Meszaros of Accenture said further advancements could enable drivers to pay tolls, buy on-demand insurance while inside a rental vehicle or order food while outside a restaurant that has no drive-through window. Meanwhile, interactions between cars and smart parking meters could help drivers better navigate high-traffic situations, such as sporting events.
“When you think about the bottlenecks in attending one of those events, it’s often parking,” Meszaros said. “What’s contributing to that bottleneck is paying for it. If your vehicle could seamlessly pay as you’re entering or exiting by communicating from the car directly to the parking lot, that would be a great experience for attendees.”
Paying for gas remotely can also help protect consumers from fraud and identity theft. Experts say credit card skimming at gas pumps is on the rise, and fuel stations were recently granted an extra three years to adopt security-enhancing EMV-enabled payments. In-car payment doesn’t solve all security issues related to gas pump transactions, but it’s a key step.
“We need to think about the entire life cycle of the security of that payment,” Meszaros said. “That’s everything from how do the payment credentials get into the vehicle to how they’re stored and how they’re transacted with the smart device outside the vehicle – whether they use tokenization or other techniques.”
Drivers could also save money on online purchases if in-car payments are integrated with reward and loyalty point programs. Mobile wallet providers, such as Samsung, are using their own rewards systems to encourage more consumers to pay with their phones. Rewards specific to in-vehicle payments have yet to materialize, but Meszaros said they are the “next likely step.”
Keep your eyes on the road – and your card balance
Adding a payment system or voice assistant to a car’s dashboard raises a safety concern that has loomed large in the smartphone era – distracted driving.
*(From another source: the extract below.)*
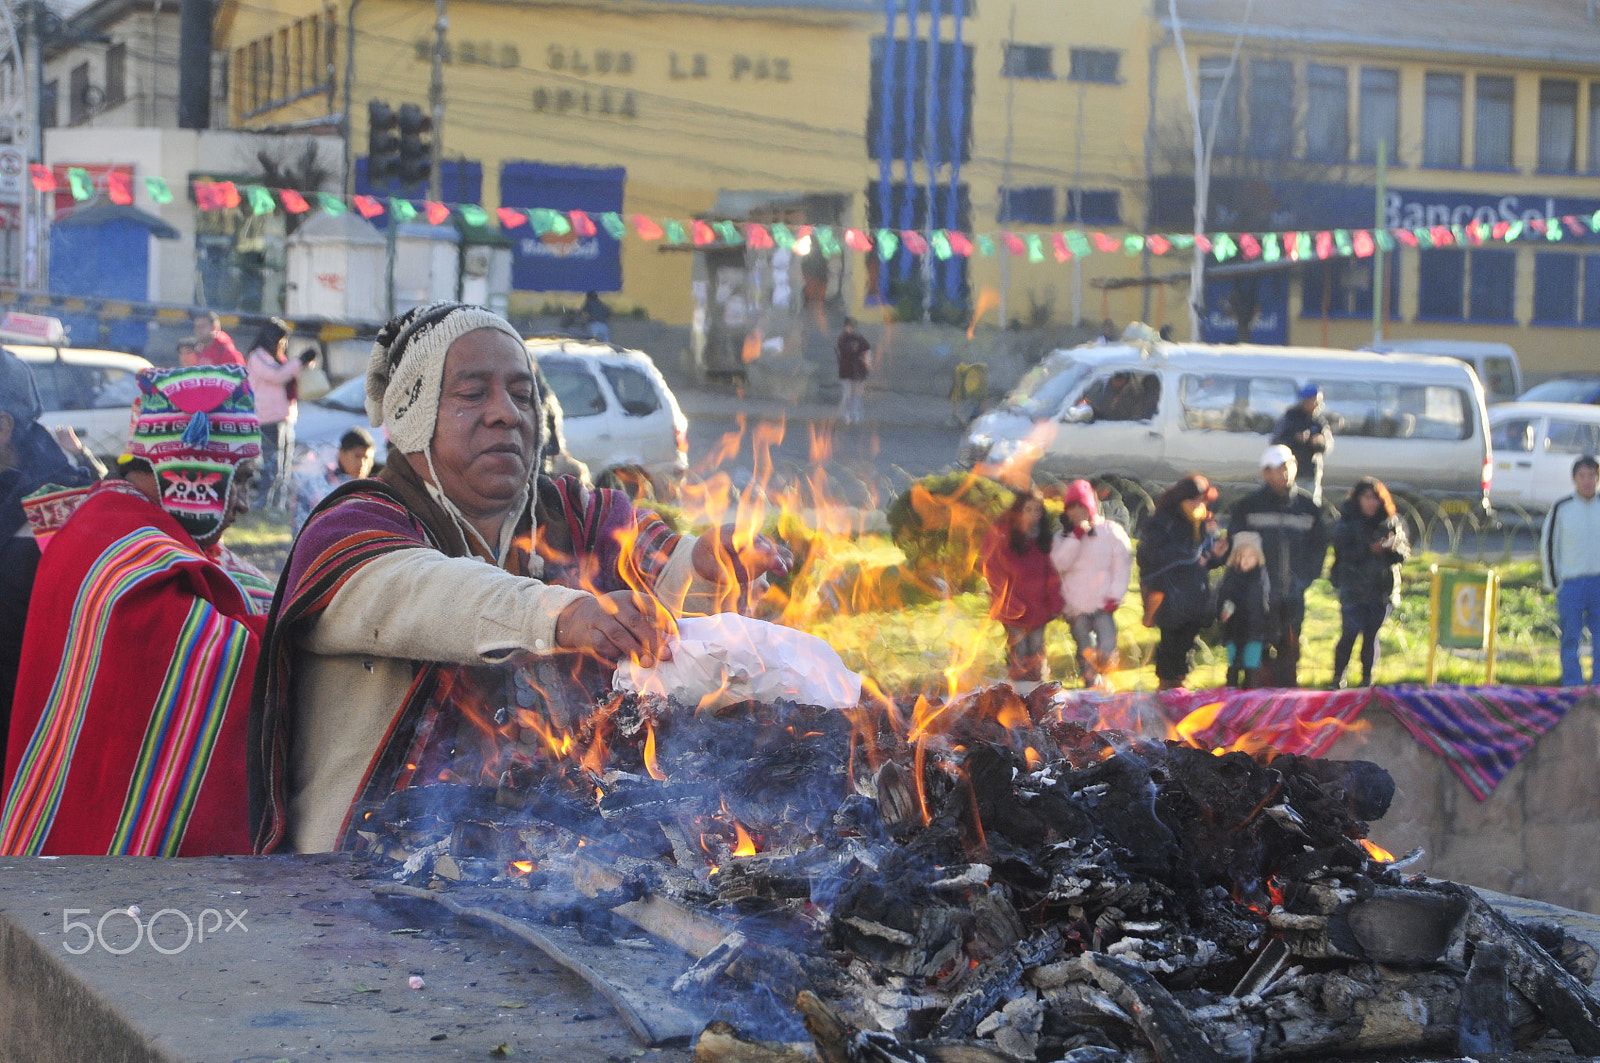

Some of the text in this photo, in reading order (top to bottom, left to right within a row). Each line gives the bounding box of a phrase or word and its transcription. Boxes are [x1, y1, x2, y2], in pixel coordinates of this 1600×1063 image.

[668, 51, 708, 80] LA
[731, 53, 792, 83] PAZ
[1384, 192, 1555, 240] BancoSol
Researchers at the University of Utah found in an October 2015 study that drivers needed up to 27 seconds to regain full attention after issuing commands to voice assistants. A driver traveling at 25 miles per hour would cover the length of three football fields during that time, researchers said. The study’s subjects used Microsoft’s Cortana, Apple’s Siri and Google Now on smartphones and onboard infotainment systems offered by major automakers.
The potential risks extend beyond personal safety. Some experts think an in-car voice assistant that takes orders and encourages more spending could negatively affect consumers who are prone to shopping addiction. The impact of in-car voice assistants is not yet known, but the ease of online purchasing can encourage overspending.
Terrence Shulman, founder of the Shulman Center for Theft, Spending and Hoarding, said about 10 percent of Americans struggle with compulsive spending at some point in their lives.
“I’m not against anybody buying whatever he or she wants, but it’s no secret that people are getting more impulsive and impatient,” Shulman said. “There’s less time to consider a purchase because things are so easy.”
Cars and credit already require caution
In-car payments could revolutionize the way we travel and shop, but any exciting technological advancement has potential downsides. Shopping with credit cards and driving are two tasks that already require mindfulness and restraint. Consumers will win if dashboard payment systems don’t encourage us to let our guard down behind the wheel.